Michael Montana, MD, PhD receives the 2017 PhRMA Foundation Award
May 23, 2017
Michael Montana, MD, PhD has been awarded the 2017 PhRMA Foundation Faculty Development Award in Clinical Pharmacology
Michael Montana, MD, PhD has been awarded the 2017 Faculty Development Award in Clinical Pharmacology from the Pharmaceutical Research and Manufacturers of America (PhRMA) Foundation.

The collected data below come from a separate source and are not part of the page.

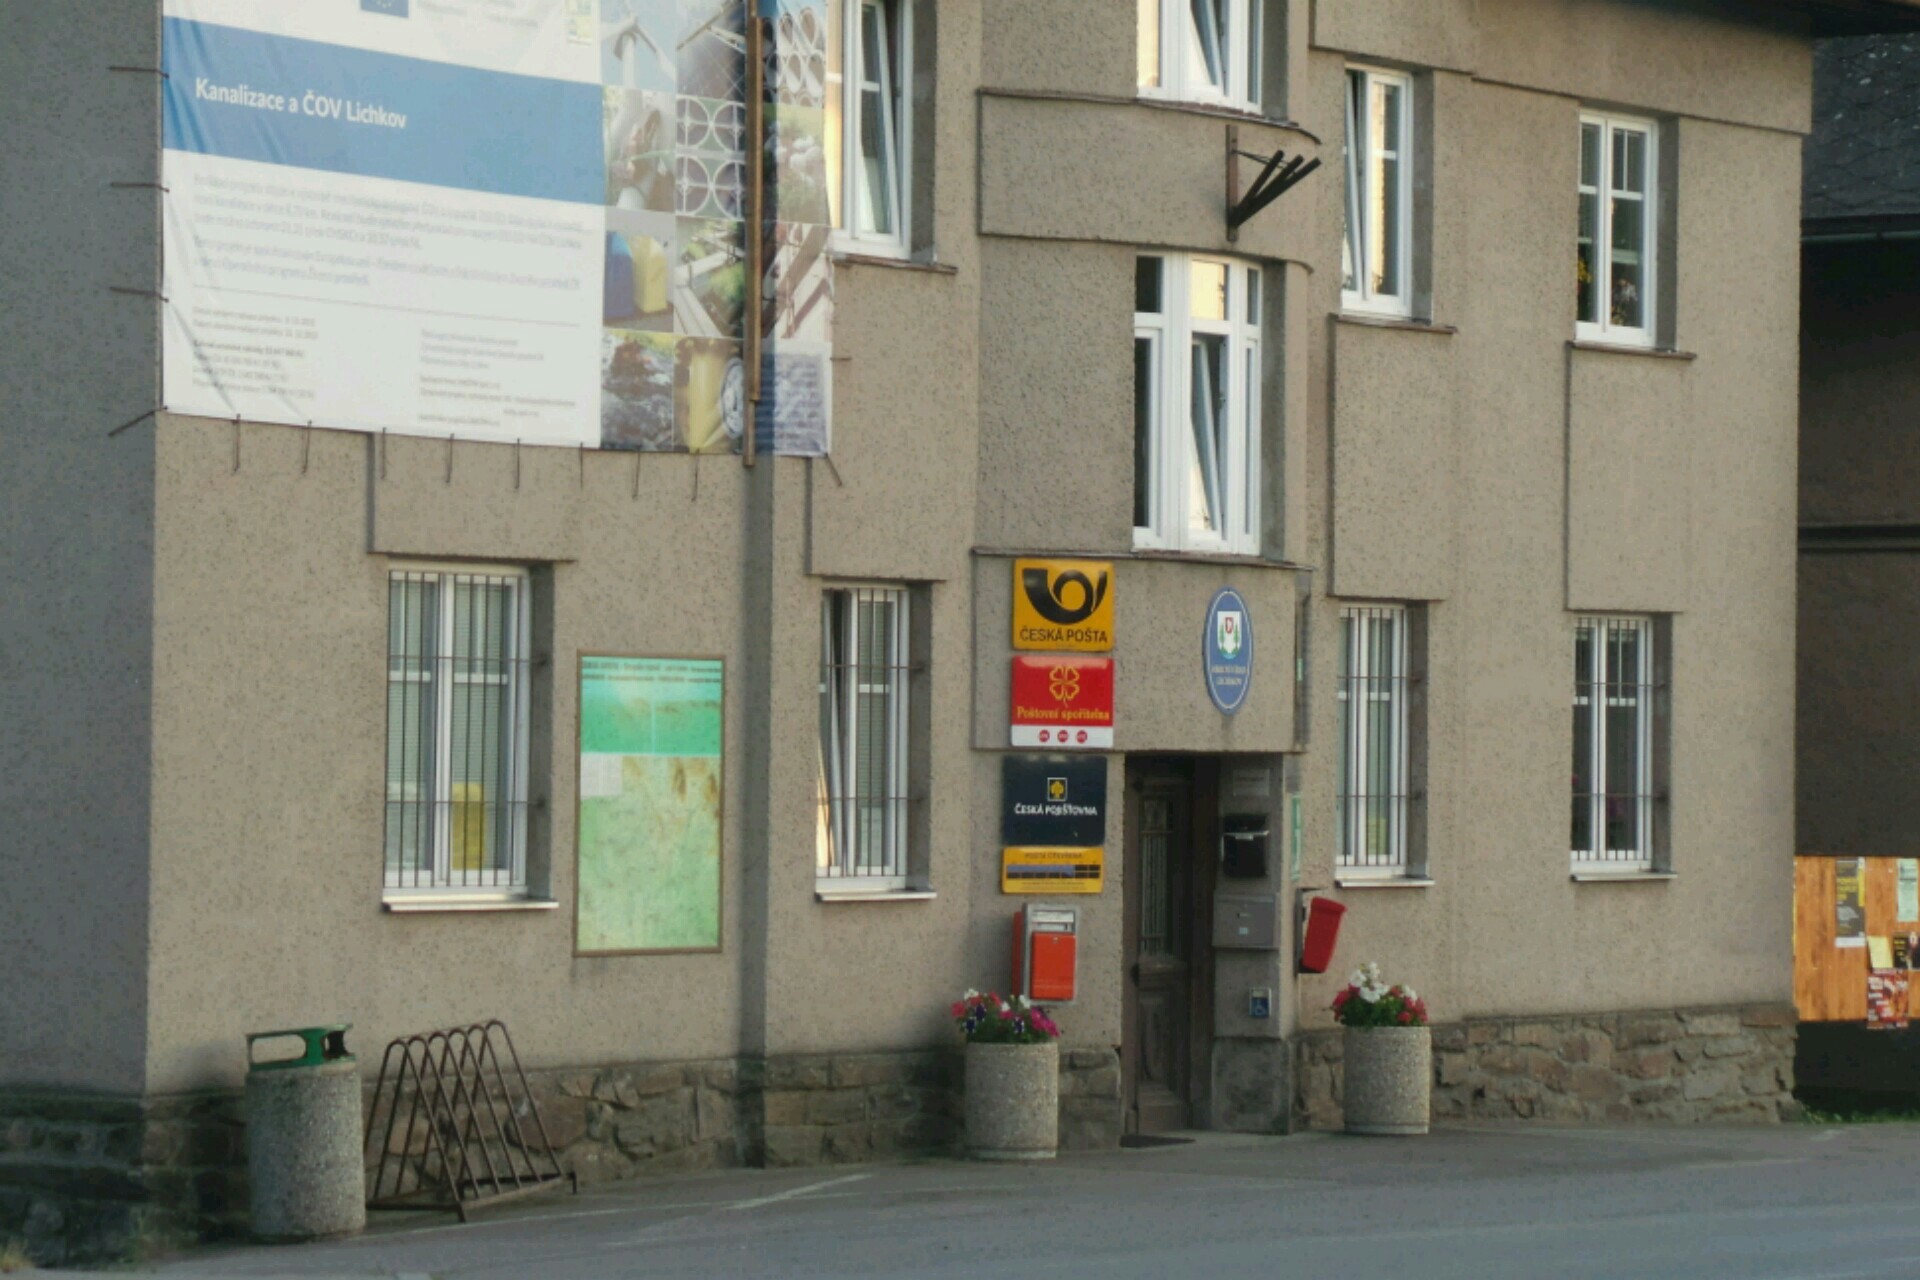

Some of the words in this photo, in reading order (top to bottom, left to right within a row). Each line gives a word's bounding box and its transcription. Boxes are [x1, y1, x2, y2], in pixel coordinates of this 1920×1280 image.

[196, 77, 285, 111] Kanalizace
[288, 97, 299, 113] a
[303, 89, 342, 120] ČOV
[346, 100, 407, 128] Lichkov
[1020, 626, 1063, 641] ČESKÁ
[1066, 626, 1108, 643] POŠTA
[1017, 706, 1059, 720] Poštovní
[1062, 707, 1109, 721] spořitelna
[1014, 802, 1044, 815] ČESKÁ

His project, titled “Opioid Sensitivity in Adults with Treated and Untreated Obstructive Sleep Apnea”, explores the use of opioids to treat pain in patients with obstructive sleep apnea (OSA), which is often controversial. Patients with OSA are thought to have increased sensitivity to the deleterious effects of opioids, especially respiratory depression. In fact, practice guidelines warn against using opioids to treat pain in OSA patients. Nevertheless, objective evidence to support these guidelines is scant. If patients with OSA have unchanged opioid sensitivity, and physicians inappropriately withhold therapy, these patients will be deprived of appropriate pain relief. Alternatively, if OSA patients have increased opioids sensitivity, then there is risk for significant morbidity and mortality. A lack of knowledge to support pain treatment best practices may affect up to 5 million surgical patients with OSA annually in America alone. The immediate goal of this research is to test the hypothesis that a) untreated OSA increases the clinical response to opioids, b) the magnitude of any observed increase is proportional to the degree of nighttime hypoxemia that a given patient experiences, and c) that treatment of OSA with continuous positive airway pressure (CPAP) reverses these effects. The long-term goal of this research is to embark upon an innovative new research program at the intersection of pain, opioid clinical pharmacology, and obstructive sleep apnea.

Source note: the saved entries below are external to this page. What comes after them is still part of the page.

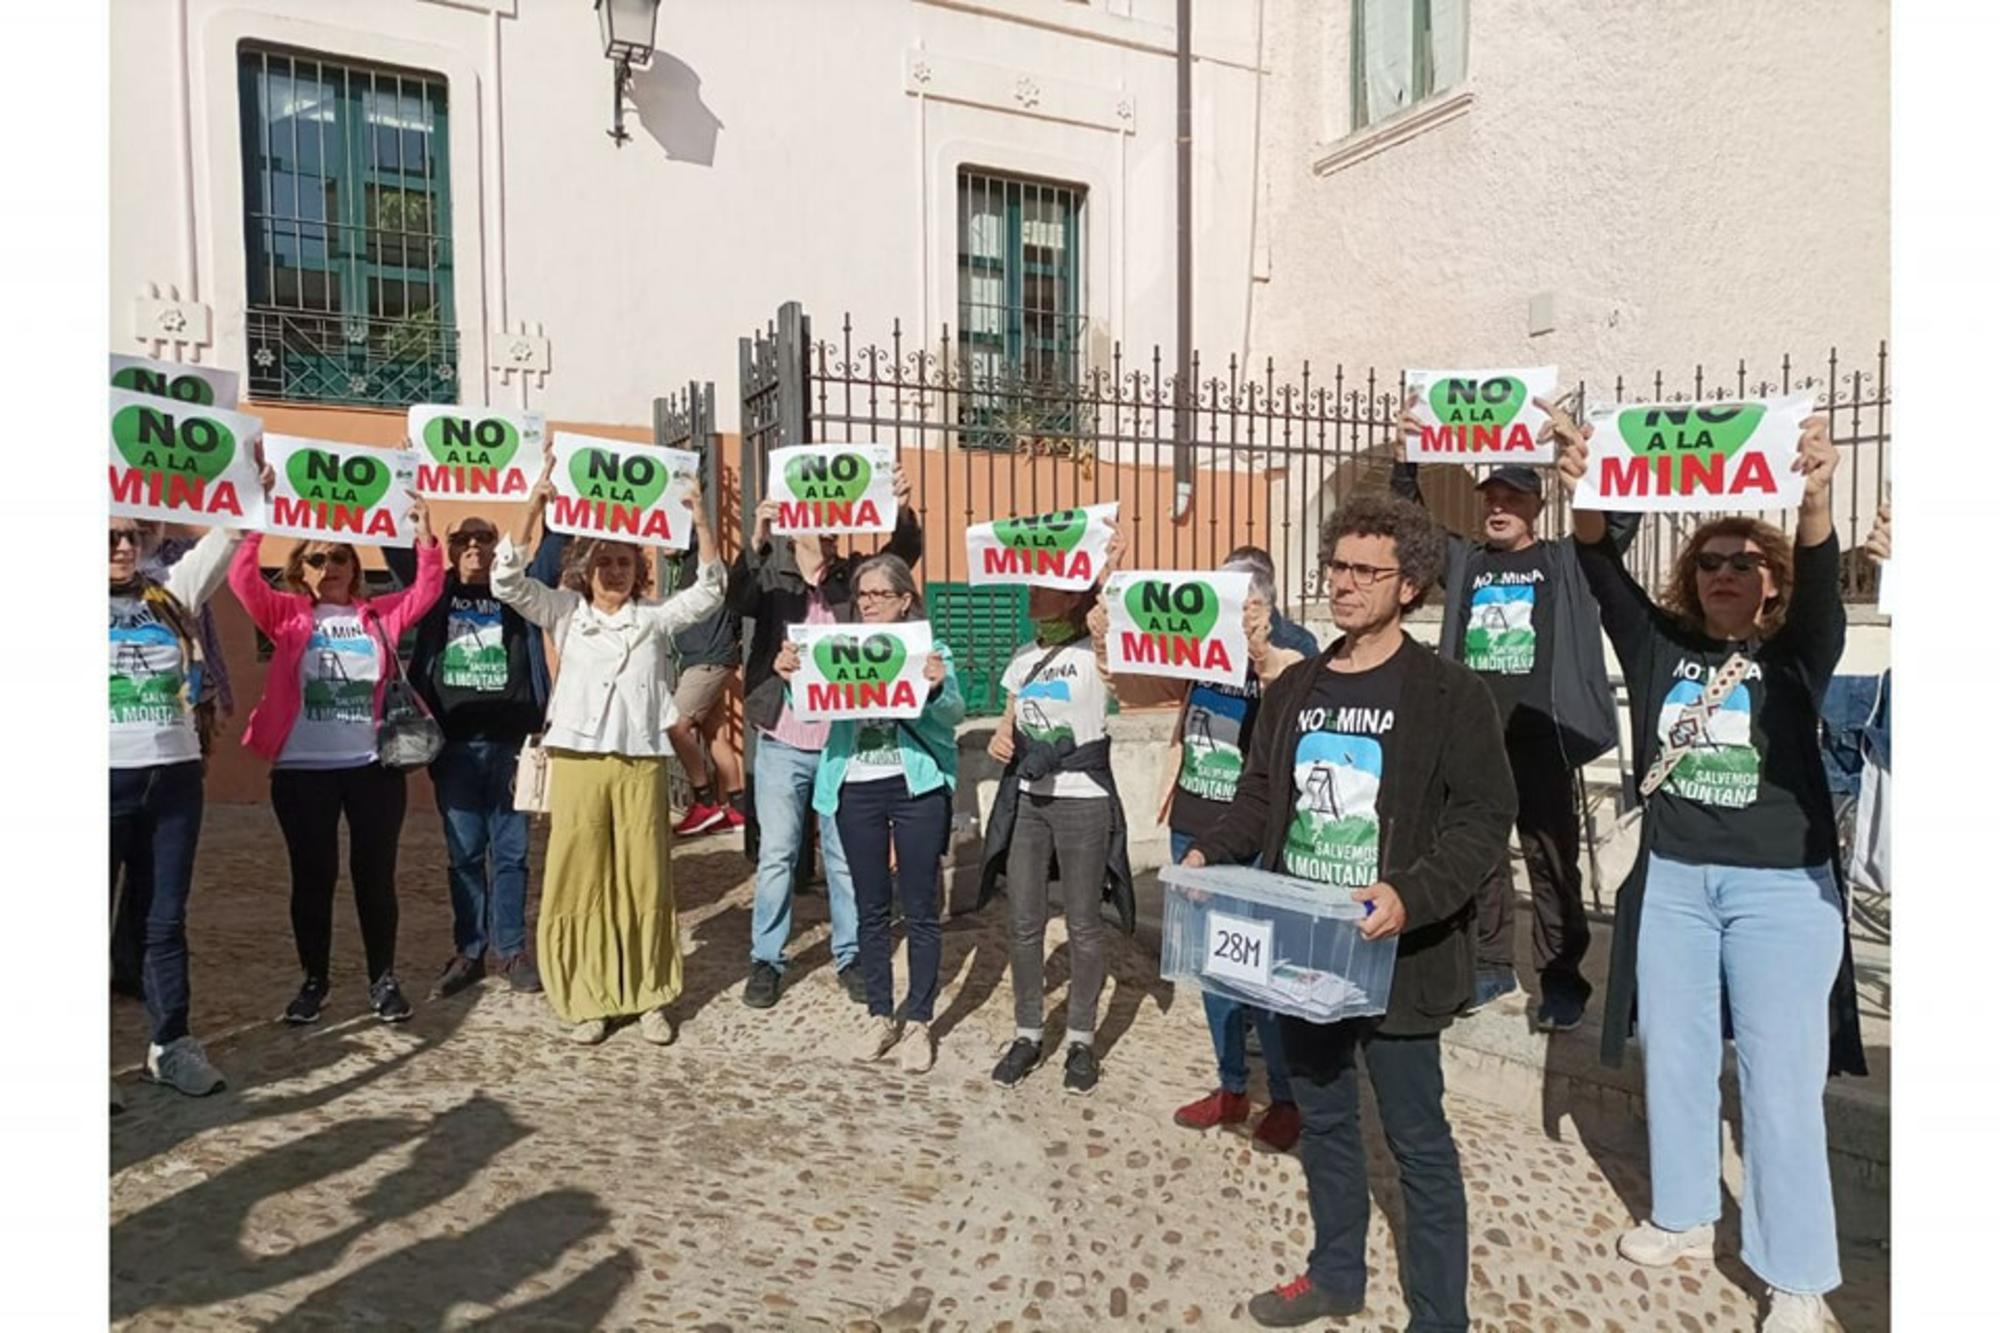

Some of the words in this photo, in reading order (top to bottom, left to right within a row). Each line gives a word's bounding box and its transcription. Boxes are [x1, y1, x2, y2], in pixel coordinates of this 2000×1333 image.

[134, 368, 201, 401] NO
[1447, 377, 1512, 406] NO
[1450, 410, 1463, 422] A
[1470, 409, 1494, 422] LA
[138, 409, 219, 453] NO
[442, 417, 505, 448] NO
[1420, 424, 1535, 452] MINA
[1647, 432, 1667, 451] A
[1677, 430, 1714, 450] LA
[140, 451, 158, 467] A
[168, 453, 198, 472] LA
[307, 451, 376, 486] NO
[447, 451, 460, 463] A
[466, 451, 490, 464] LA
[588, 451, 655, 486] NO
[801, 454, 858, 482] NO
[416, 465, 528, 494] MINA
[1599, 451, 1777, 497] MINA
[109, 464, 243, 517] MINA
[310, 485, 324, 498] A
[332, 487, 358, 502] LA
[589, 486, 601, 498] A
[609, 487, 635, 502] LA
[805, 486, 818, 499] A
[823, 485, 845, 498] LA
[273, 496, 397, 538] MINA
[554, 495, 671, 540] MINA
[778, 499, 882, 529] MINA
[1014, 534, 1027, 547] A
[1033, 534, 1058, 547] LA
[984, 547, 1092, 581] MINA
[1502, 568, 1544, 585] MINA
[1142, 581, 1205, 615] NO
[1150, 617, 1162, 630] A
[1168, 618, 1192, 632] LA
[831, 633, 893, 665] NO
[1121, 631, 1232, 672] MINA
[837, 668, 850, 680] A
[856, 667, 880, 680] LA
[807, 680, 917, 711] MINA
[1297, 707, 1326, 732] NO
[1337, 706, 1395, 734] MINA
[1315, 841, 1378, 862] SALVEMOS
[1214, 930, 1261, 968] 28M

Dr. Montana completed his MD/PhD at Washington University in 2012 and chose to train at Washington University/St. Louis Children’s Hospital for both anesthesia residency and pediatrics anesthesia fellowship for many reasons, including the quality of the mentorship, the exposure to high acuity cases, and the excellence of the academic environment. His interest in academic anesthesiology stems directly from his MD/PhD training at Washington University and the knowledge that it is an institution where one can train and function as a true clinician-scientist. For his residency, Dr. Montana was one of two members of the inaugural class of the Academic Scholar Advancement Program (ASAP) that combines anesthesiology research, residency, and fellowship into one accelerated five year program. Coming from a research background, Dr. Montana knew that he wanted to pursue a career in academic anesthesiology, and ASAP provided an ideal blend of clinical training, individualized mentoring, and protected research time combined with a clinical fellowship for conducting scientific inquiry, developing a research career, and securing extramural funding.

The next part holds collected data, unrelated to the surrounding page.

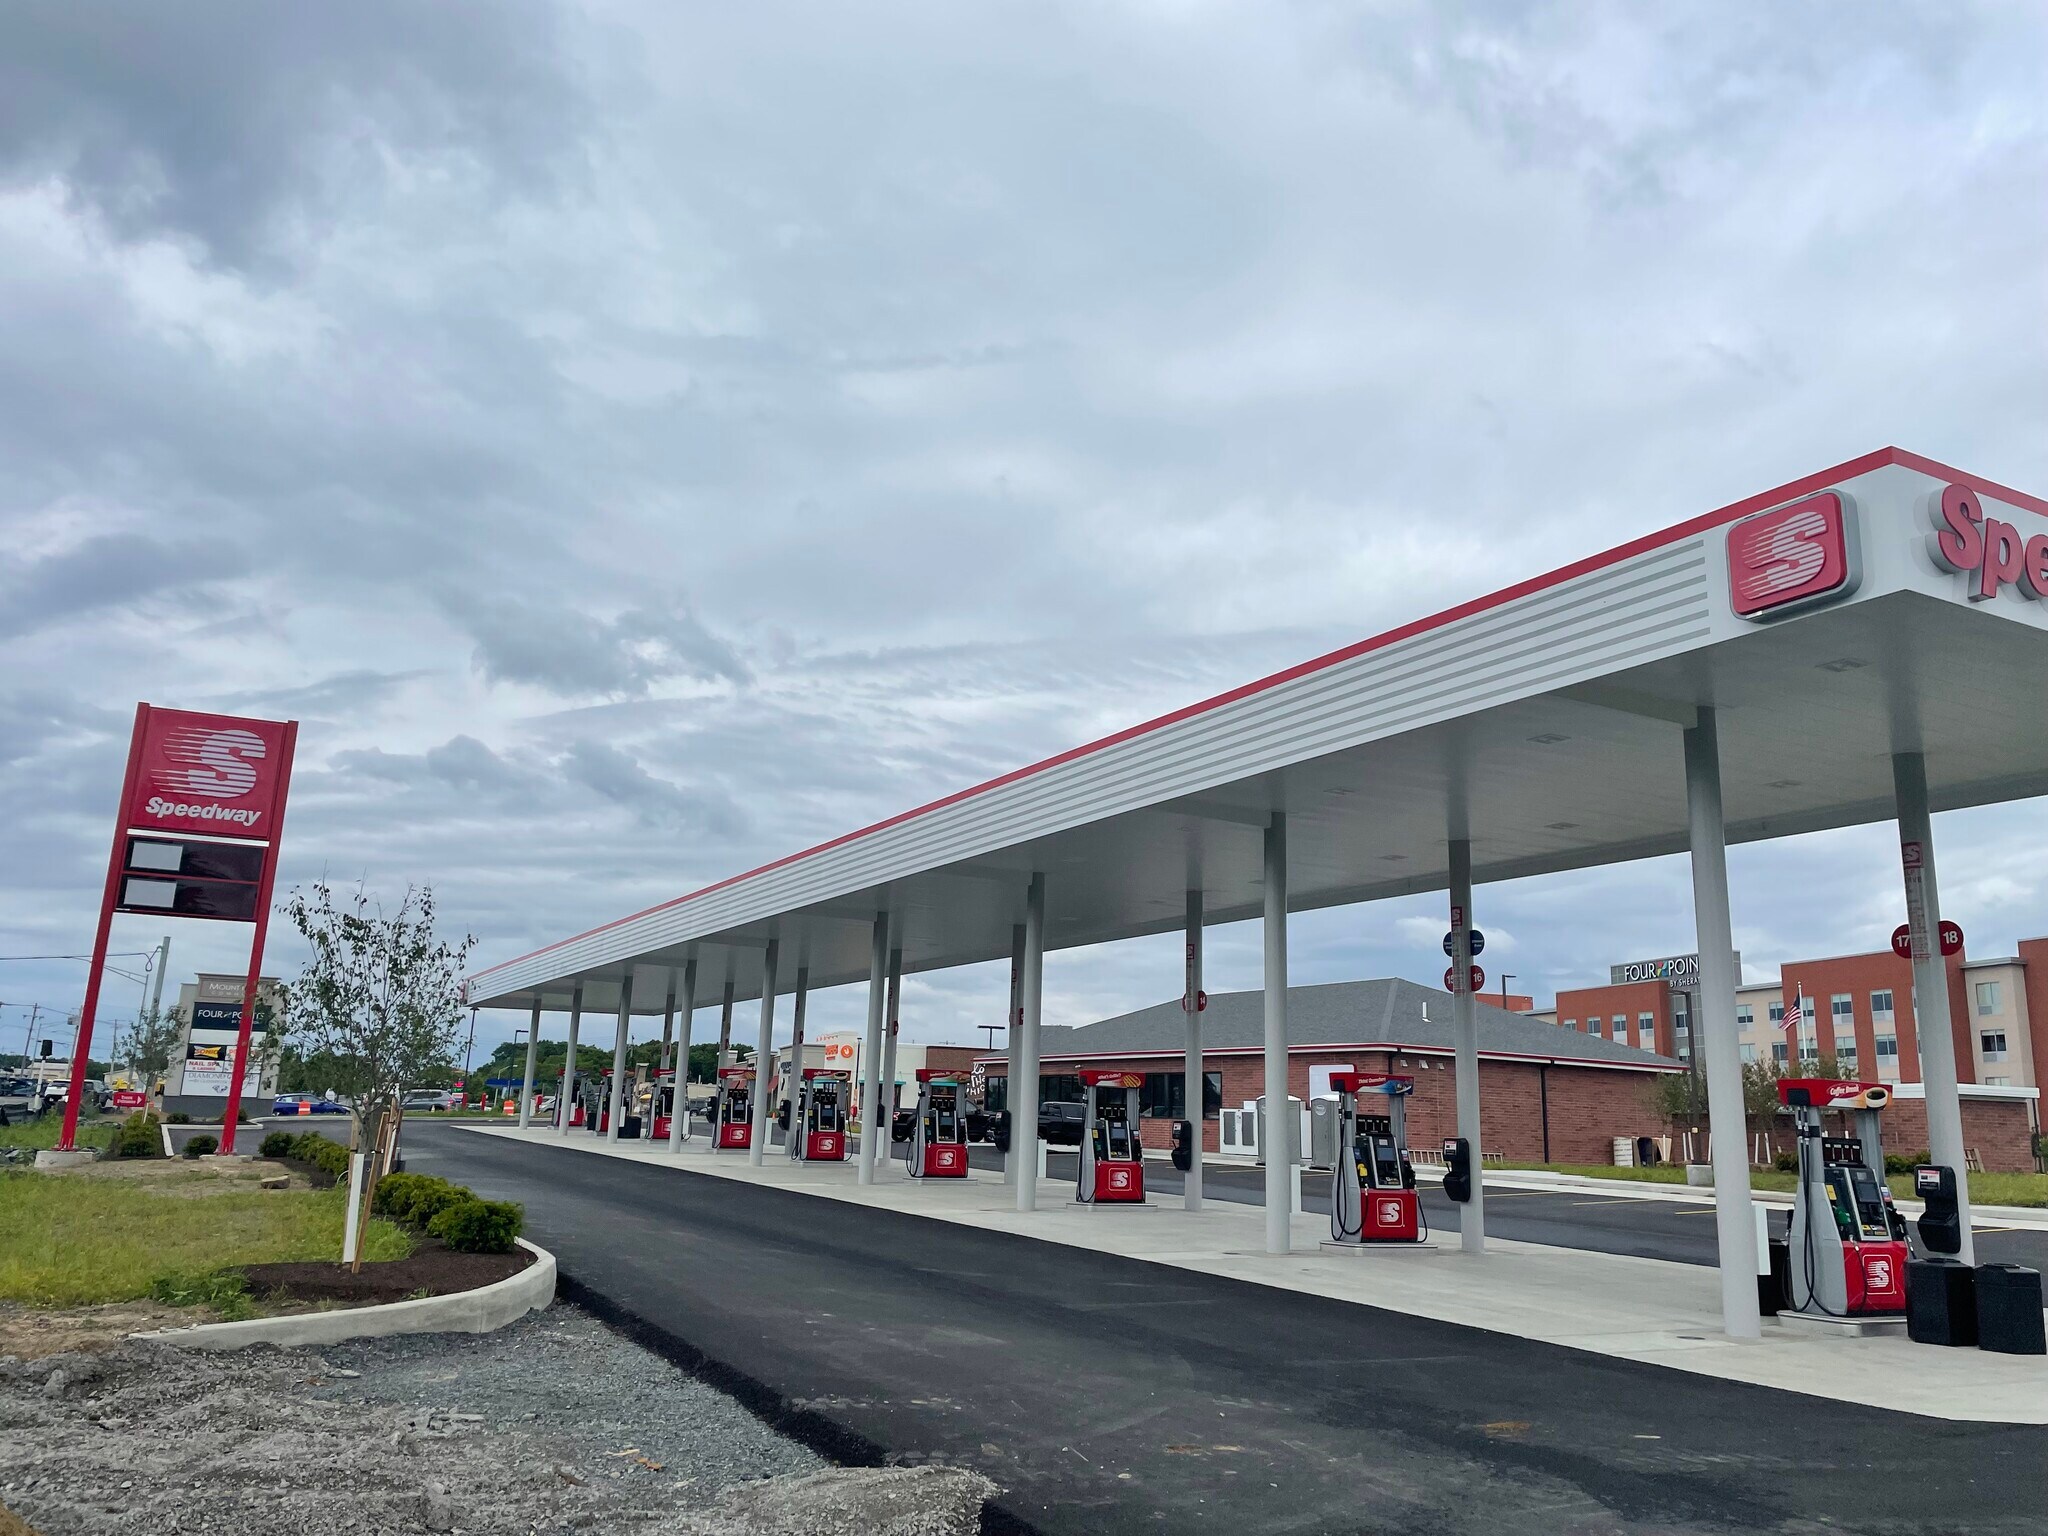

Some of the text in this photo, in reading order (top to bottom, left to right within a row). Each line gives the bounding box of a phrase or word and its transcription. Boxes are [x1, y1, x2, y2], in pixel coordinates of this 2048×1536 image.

[1739, 511, 1827, 600] S
[150, 727, 266, 798] S
[145, 797, 262, 827] Speedway
[1896, 935, 1910, 947] 17
[1943, 931, 1958, 944] 18
[1624, 956, 1699, 982] FOUR POIN
[1473, 972, 1483, 983] 16
[1669, 977, 1700, 988] BY SHERA
[209, 983, 240, 991] MOUNT
[197, 1009, 223, 1019] FOUR
[1830, 1087, 1845, 1097] Coffee
[937, 1152, 954, 1166] S
[1111, 1171, 1128, 1187] S
[1380, 1203, 1400, 1222] S
[1867, 1260, 1889, 1288] S

Dr. Montana’s research interests include characterizing the receptors involved in opioid sensitization in both pediatric and adult patients with obstructive sleep apnea, furthering the understanding of any potential negative impacts of commonly used anesthetics, and transitioning pre-clinical analgesic molecules into novel pain killers for use in human patients. Washington University, along with Barnes Jewish and St. Louis Children’s Hospitals, provide a spectacular environment to pursue these interests.